===== Recorded data =====
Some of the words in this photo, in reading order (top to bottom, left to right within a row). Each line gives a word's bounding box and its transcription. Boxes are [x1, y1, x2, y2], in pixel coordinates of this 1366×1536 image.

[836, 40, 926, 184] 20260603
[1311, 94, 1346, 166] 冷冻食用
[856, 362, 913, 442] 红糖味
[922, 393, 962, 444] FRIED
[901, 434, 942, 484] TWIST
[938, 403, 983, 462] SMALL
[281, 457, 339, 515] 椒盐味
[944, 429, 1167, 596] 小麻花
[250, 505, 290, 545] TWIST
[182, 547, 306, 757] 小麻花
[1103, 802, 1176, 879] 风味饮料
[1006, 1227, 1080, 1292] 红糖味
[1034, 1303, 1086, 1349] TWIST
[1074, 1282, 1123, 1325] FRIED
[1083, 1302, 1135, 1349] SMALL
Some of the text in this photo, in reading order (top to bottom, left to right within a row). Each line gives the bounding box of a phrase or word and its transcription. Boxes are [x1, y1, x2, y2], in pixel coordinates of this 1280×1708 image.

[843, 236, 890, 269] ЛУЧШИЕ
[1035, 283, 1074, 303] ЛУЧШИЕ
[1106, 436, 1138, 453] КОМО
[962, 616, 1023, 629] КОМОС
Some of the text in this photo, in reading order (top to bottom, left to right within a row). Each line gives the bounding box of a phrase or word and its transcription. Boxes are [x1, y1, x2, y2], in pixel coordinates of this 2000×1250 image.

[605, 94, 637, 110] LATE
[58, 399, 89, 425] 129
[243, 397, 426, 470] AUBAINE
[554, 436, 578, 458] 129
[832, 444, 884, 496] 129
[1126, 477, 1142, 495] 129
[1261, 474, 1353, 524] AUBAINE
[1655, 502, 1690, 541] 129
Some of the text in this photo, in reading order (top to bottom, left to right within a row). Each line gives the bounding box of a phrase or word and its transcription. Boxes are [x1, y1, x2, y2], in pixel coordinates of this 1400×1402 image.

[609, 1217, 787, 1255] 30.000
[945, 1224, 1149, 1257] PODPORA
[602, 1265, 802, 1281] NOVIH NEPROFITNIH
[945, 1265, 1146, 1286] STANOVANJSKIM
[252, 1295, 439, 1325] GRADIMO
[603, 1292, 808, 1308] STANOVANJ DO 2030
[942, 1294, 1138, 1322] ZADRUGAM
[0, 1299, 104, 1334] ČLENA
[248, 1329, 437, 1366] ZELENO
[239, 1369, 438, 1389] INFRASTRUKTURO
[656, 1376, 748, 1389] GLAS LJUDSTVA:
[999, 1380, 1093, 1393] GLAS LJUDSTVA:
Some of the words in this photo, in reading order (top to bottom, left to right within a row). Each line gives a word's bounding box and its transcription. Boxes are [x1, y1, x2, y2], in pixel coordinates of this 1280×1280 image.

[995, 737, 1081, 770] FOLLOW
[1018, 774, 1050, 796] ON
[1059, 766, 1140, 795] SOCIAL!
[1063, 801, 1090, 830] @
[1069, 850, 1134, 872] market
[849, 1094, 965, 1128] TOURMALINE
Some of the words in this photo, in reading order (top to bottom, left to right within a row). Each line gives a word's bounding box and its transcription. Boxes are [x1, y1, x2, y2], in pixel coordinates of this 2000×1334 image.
=====
Instructions to follow
Each line above must be reproduced exactly as it stands.

Result
Some of the words in this photo, in reading order (top to bottom, left to right within a row). Each line gives a word's bounding box and its transcription. Boxes are [x1, y1, x2, y2], in pixel coordinates of this 1366×1536 image.

[836, 40, 926, 184] 20260603
[1311, 94, 1346, 166] 冷冻食用
[856, 362, 913, 442] 红糖味
[922, 393, 962, 444] FRIED
[901, 434, 942, 484] TWIST
[938, 403, 983, 462] SMALL
[281, 457, 339, 515] 椒盐味
[944, 429, 1167, 596] 小麻花
[250, 505, 290, 545] TWIST
[182, 547, 306, 757] 小麻花
[1103, 802, 1176, 879] 风味饮料
[1006, 1227, 1080, 1292] 红糖味
[1034, 1303, 1086, 1349] TWIST
[1074, 1282, 1123, 1325] FRIED
[1083, 1302, 1135, 1349] SMALL
Some of the text in this photo, in reading order (top to bottom, left to right within a row). Each line gives the bounding box of a phrase or word and its transcription. Boxes are [x1, y1, x2, y2], in pixel coordinates of this 1280×1708 image.

[843, 236, 890, 269] ЛУЧШИЕ
[1035, 283, 1074, 303] ЛУЧШИЕ
[1106, 436, 1138, 453] КОМО
[962, 616, 1023, 629] КОМОС
Some of the text in this photo, in reading order (top to bottom, left to right within a row). Each line gives the bounding box of a phrase or word and its transcription. Boxes are [x1, y1, x2, y2], in pixel coordinates of this 2000×1250 image.

[605, 94, 637, 110] LATE
[58, 399, 89, 425] 129
[243, 397, 426, 470] AUBAINE
[554, 436, 578, 458] 129
[832, 444, 884, 496] 129
[1126, 477, 1142, 495] 129
[1261, 474, 1353, 524] AUBAINE
[1655, 502, 1690, 541] 129
Some of the text in this photo, in reading order (top to bottom, left to right within a row). Each line gives the bounding box of a phrase or word and its transcription. Boxes are [x1, y1, x2, y2], in pixel coordinates of this 1400×1402 image.

[609, 1217, 787, 1255] 30.000
[945, 1224, 1149, 1257] PODPORA
[602, 1265, 802, 1281] NOVIH NEPROFITNIH
[945, 1265, 1146, 1286] STANOVANJSKIM
[252, 1295, 439, 1325] GRADIMO
[603, 1292, 808, 1308] STANOVANJ DO 2030
[942, 1294, 1138, 1322] ZADRUGAM
[0, 1299, 104, 1334] ČLENA
[248, 1329, 437, 1366] ZELENO
[239, 1369, 438, 1389] INFRASTRUKTURO
[656, 1376, 748, 1389] GLAS LJUDSTVA:
[999, 1380, 1093, 1393] GLAS LJUDSTVA:
Some of the words in this photo, in reading order (top to bottom, left to right within a row). Each line gives a word's bounding box and its transcription. Boxes are [x1, y1, x2, y2], in pixel coordinates of this 1280×1280 image.

[995, 737, 1081, 770] FOLLOW
[1018, 774, 1050, 796] ON
[1059, 766, 1140, 795] SOCIAL!
[1063, 801, 1090, 830] @
[1069, 850, 1134, 872] market
[849, 1094, 965, 1128] TOURMALINE
Some of the words in this photo, in reading order (top to bottom, left to right within a row). Each line gives a word's bounding box and its transcription. Boxes are [x1, y1, x2, y2], in pixel coordinates of this 2000×1334 image.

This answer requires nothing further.